Photo credit: The Irish Times
By Jerry Coyne
Most of you probably remember the tragic and preventable death of Savita Halappanavar, a 31-year old dentist who died in Ireland in 2012, killed by the policies of the Catholic Church.
The story is well known: Halappanavar contracted a serious infection at 17 weeks of pregnancy, one that would kill both her and the fetus if it were not removed. Grania’s post gives more details:
Her husband recounts that repeated requests for termination (in reality, an evacuation of the uterus) were refused because the fetal heartbeat was still present, and they were told, “this is a Catholic country”. She was left with a dilated cervix for three days until the fetal heartbeat ceased. Four days later [Halappanavar] died.
It wasn’t until a year later that it became legal in Ireland to abort a fetus to save the mother’s life!

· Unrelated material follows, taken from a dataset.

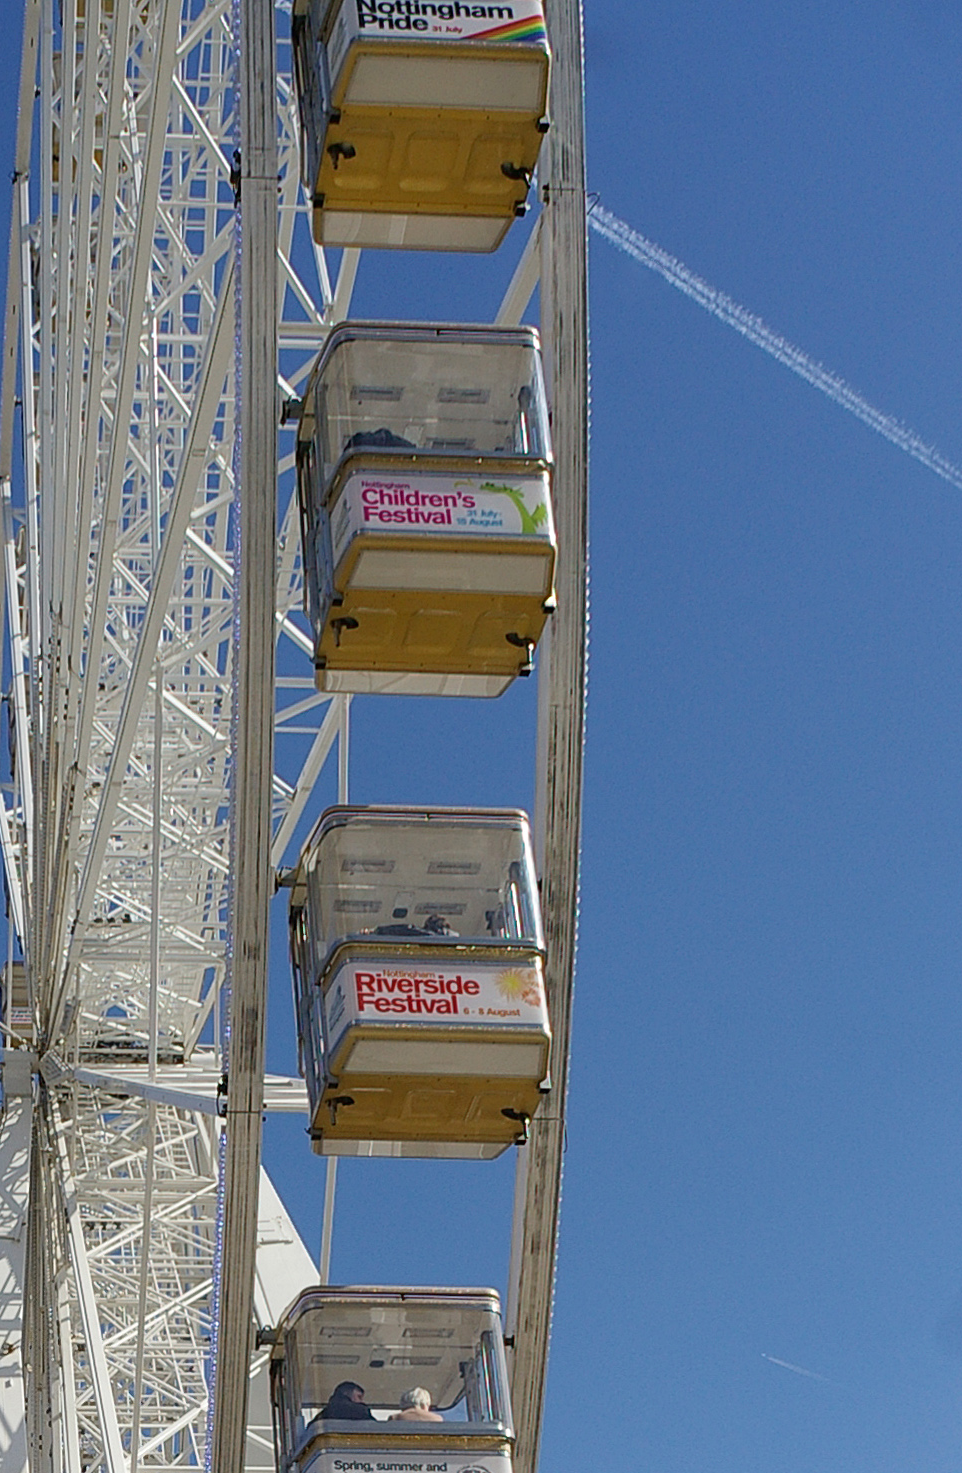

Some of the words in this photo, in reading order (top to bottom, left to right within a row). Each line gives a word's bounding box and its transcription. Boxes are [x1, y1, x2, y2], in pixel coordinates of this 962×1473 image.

This almost happened in 2010 in the U.S., to a Michigan resident named Tamisha Means, who now tells her story in The Guardian. Means was 18 weeks pregnant and started to miscarry, but was refused admittance to Mercy Health Muskegon, a Catholic hospital. Bleeding copiously and in terrible pain, Means went back to Mercy (an inappropriate name!) the next day, and was once again refused admission.
The next day she returned to the hospital for the third time, and only then, when she started going into labor on the spot, was she admitted. The baby died, but, no thanks to Mercy, Ms. Means survived. Apparently, doctors could have told her that her child had no chance of survival and terminated her pregnancy, but they didn’t. They withheld crucial information. As Means writes in her article:
Mercy Health Muskegon is a Catholic hospital required to follow policies drafted by the United States Conference of Catholic Bishops. As the Guardian recently reported, they have religious directives that guide their medical treatment and decision-making, which includes prohibiting healthcare workers from administering any treatment or information that could result in pregnancy termination. That includes decisions where the woman’s life is at risk, as mine was, and the baby could not yet live outside of the womb, as mine couldn’t.
I was not seeking to end my pregnancy. I was seeking proper medical care. I didn’t have control over my miscarriage, but the hospital had control over the care I would receive at that devastating time. Instead of acting in my best interest, religious beliefs were used to deny me the right type of medical care.
This is insupportable. As the Guardian reports at the link above, five different women had their lives endangered in a year and a half by Mercy’s refusal to terminate their pregnancies. In all five cases, the babies died. The religious directives governing such cases are ambiguous, and it looks as if Catholic health workers simply make judgment calls.